**Exercise directions:** Print the data below exactly as it stands, and keep the pictures out.

**Record excerpts:**
BEGIN
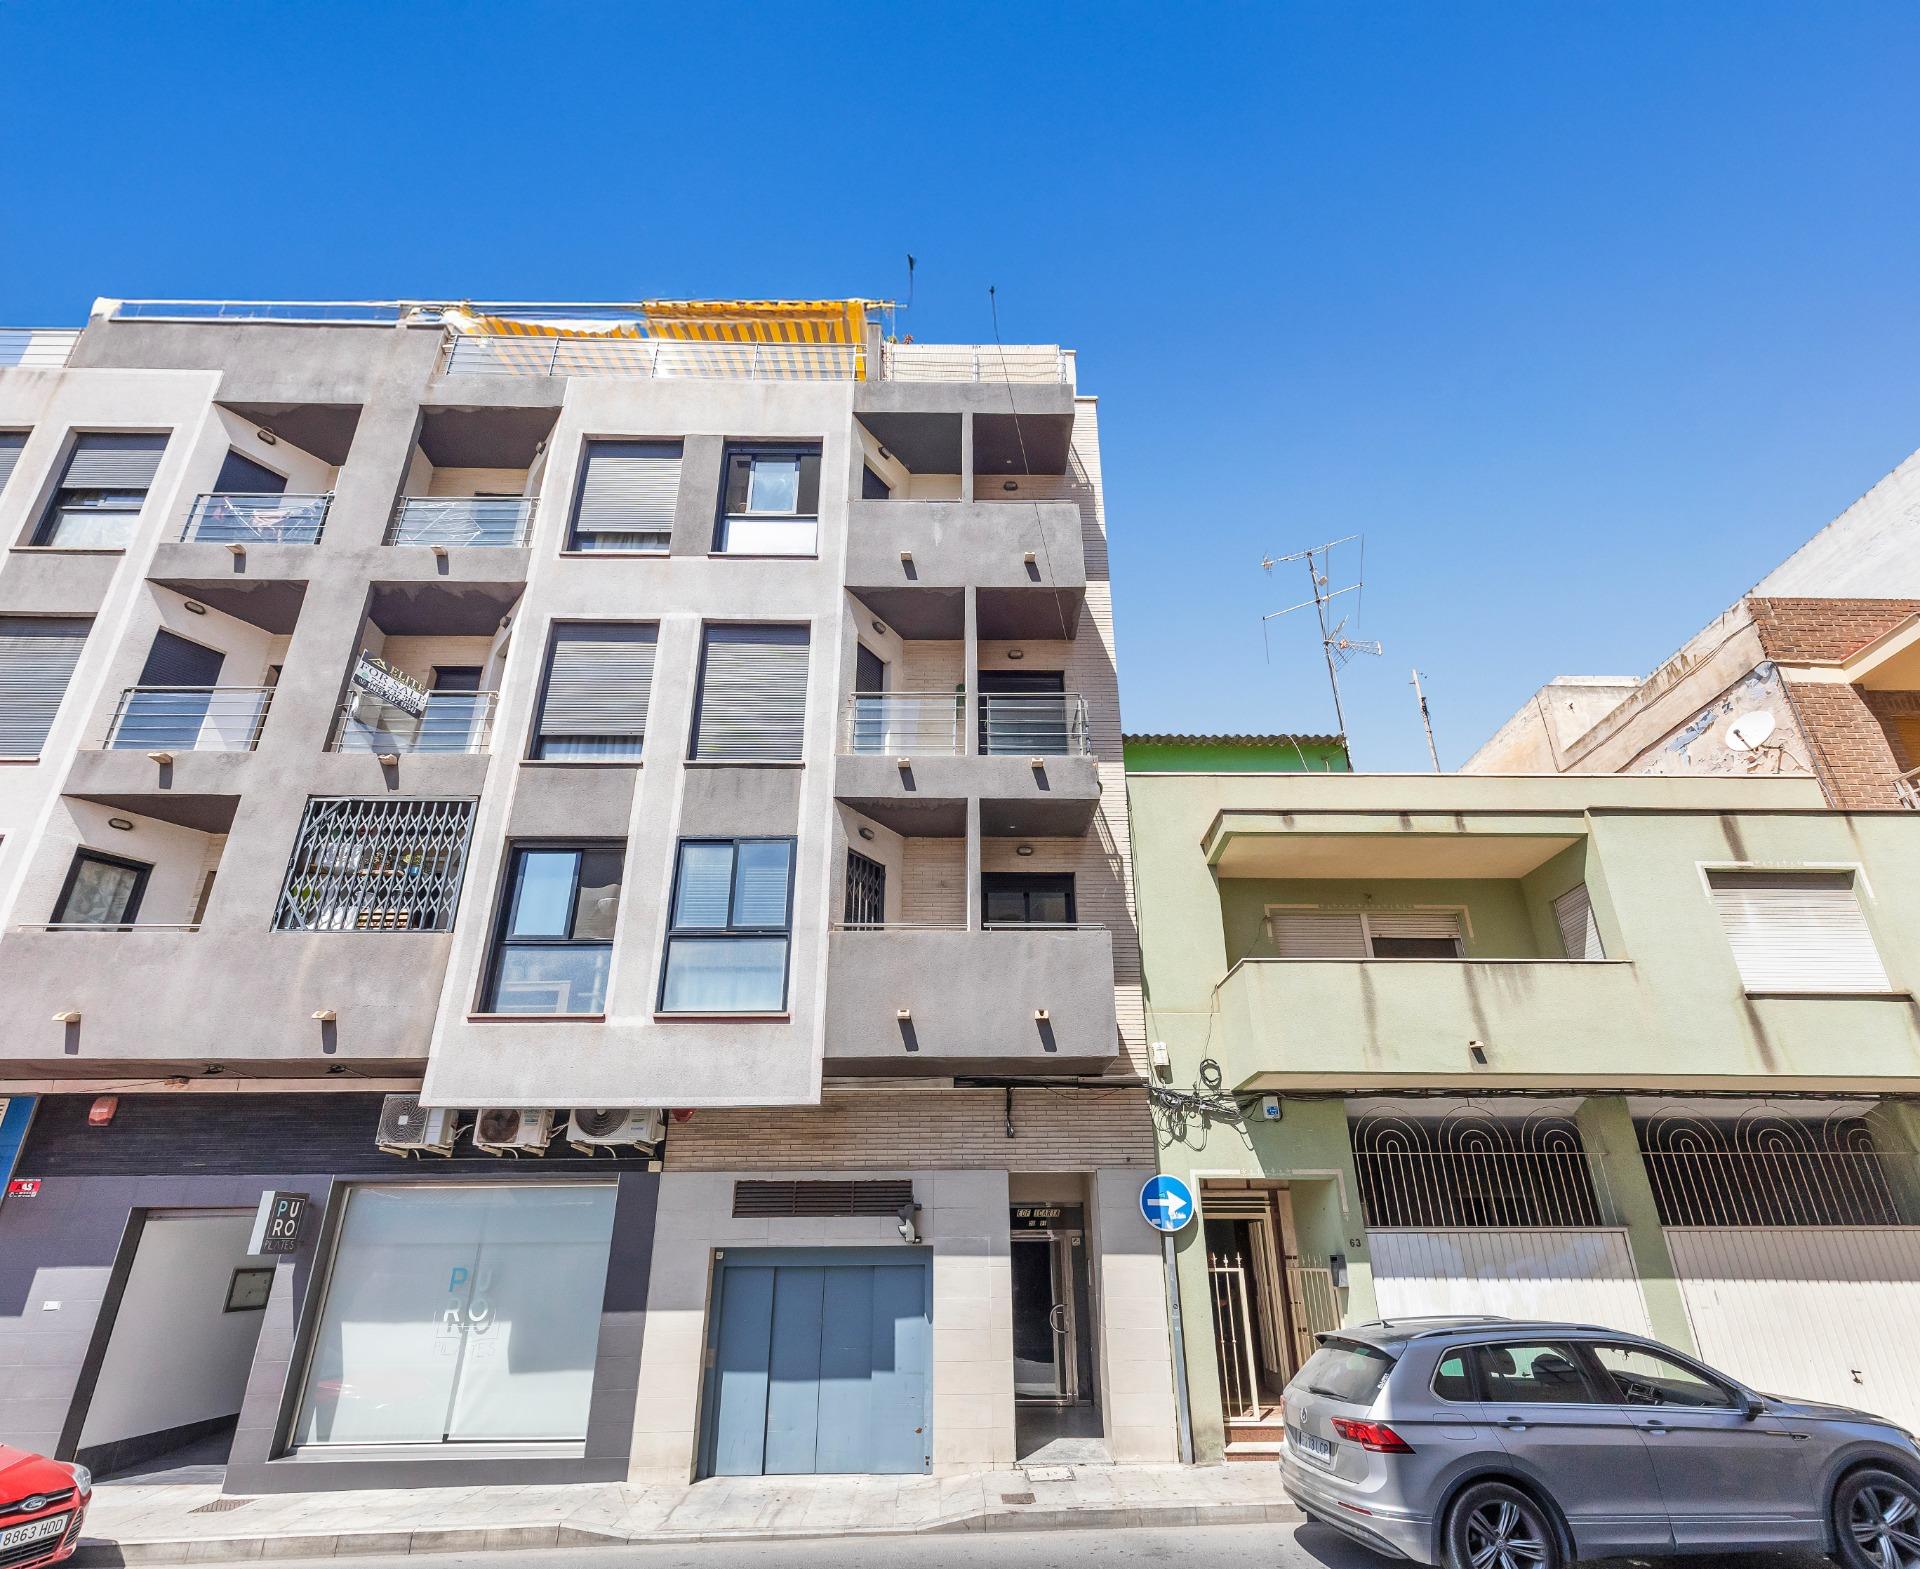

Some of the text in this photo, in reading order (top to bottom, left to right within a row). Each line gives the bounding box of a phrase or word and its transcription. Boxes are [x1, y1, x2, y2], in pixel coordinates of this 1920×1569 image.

[360, 662, 388, 684] FOR
[391, 681, 428, 704] SALE
[390, 666, 426, 693] ELITE
[277, 1200, 300, 1218] PU
[272, 1218, 296, 1237] RO
[1349, 1238, 1361, 1247] 63
[3, 1519, 63, 1546] 8863 HDD
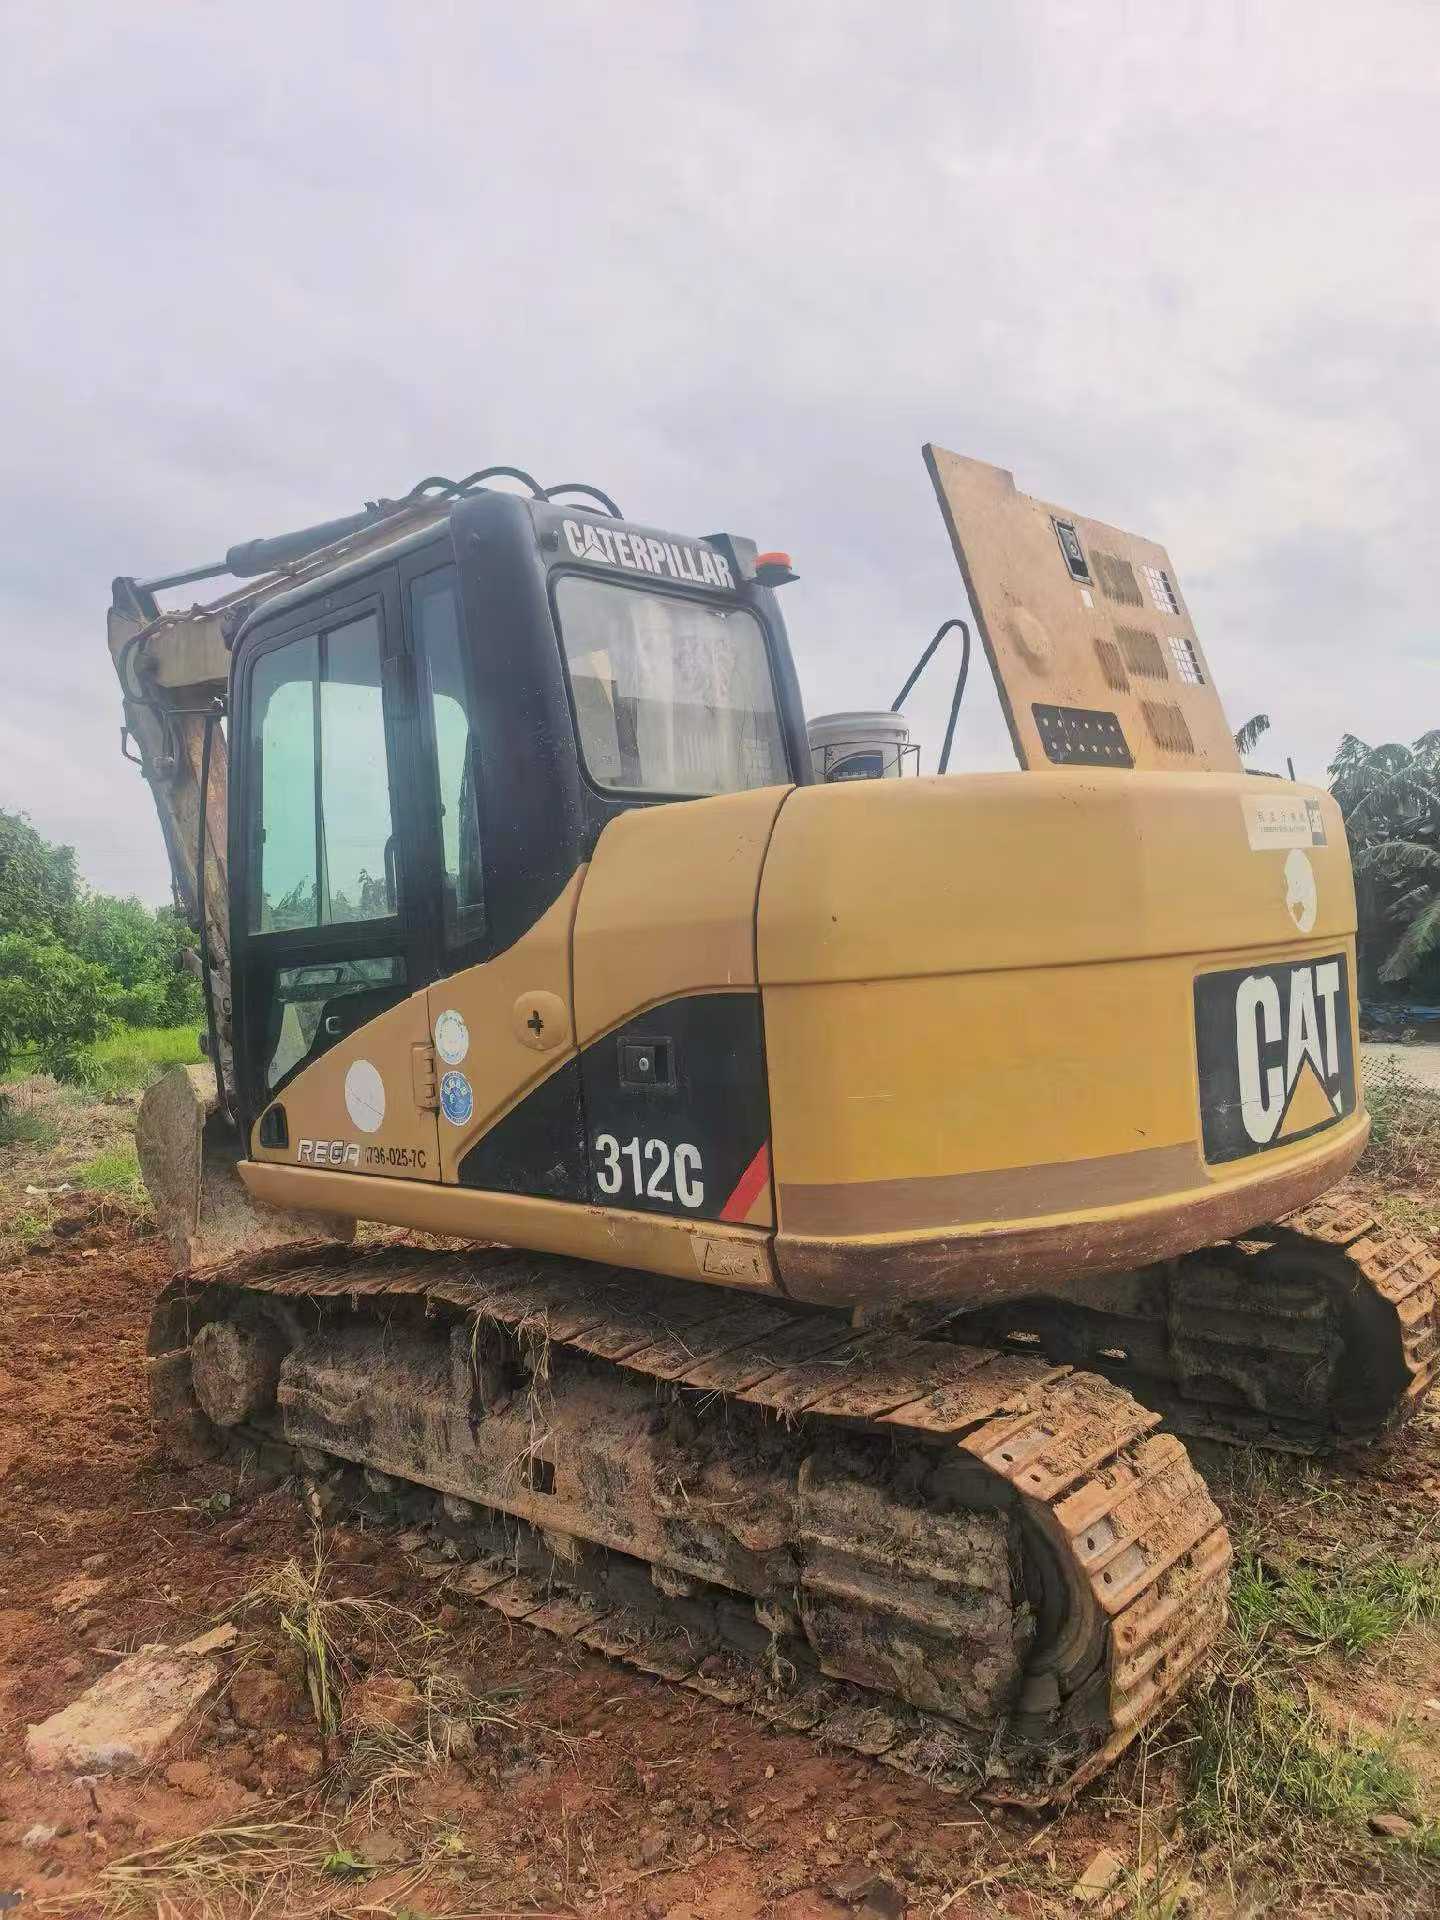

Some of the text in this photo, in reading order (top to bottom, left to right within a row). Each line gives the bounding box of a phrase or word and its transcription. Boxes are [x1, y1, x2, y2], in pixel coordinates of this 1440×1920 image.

[563, 520, 736, 590] CATERPILLAR
[1236, 962, 1341, 1143] CAT
[297, 1139, 361, 1167] REGA
[595, 1133, 704, 1208] 312C
END
**Solution for this problem:**
Some of the text in this photo, in reading order (top to bottom, left to right within a row). Each line gives the bounding box of a phrase or word and its transcription. Boxes are [x1, y1, x2, y2], in pixel coordinates of this 1920×1569 image.

[360, 662, 388, 684] FOR
[391, 681, 428, 704] SALE
[390, 666, 426, 693] ELITE
[277, 1200, 300, 1218] PU
[272, 1218, 296, 1237] RO
[1349, 1238, 1361, 1247] 63
[3, 1519, 63, 1546] 8863 HDD

Some of the text in this photo, in reading order (top to bottom, left to right within a row). Each line gives the bounding box of a phrase or word and its transcription. Boxes are [x1, y1, x2, y2], in pixel coordinates of this 1440×1920 image.

[563, 520, 736, 590] CATERPILLAR
[1236, 962, 1341, 1143] CAT
[297, 1139, 361, 1167] REGA
[595, 1133, 704, 1208] 312C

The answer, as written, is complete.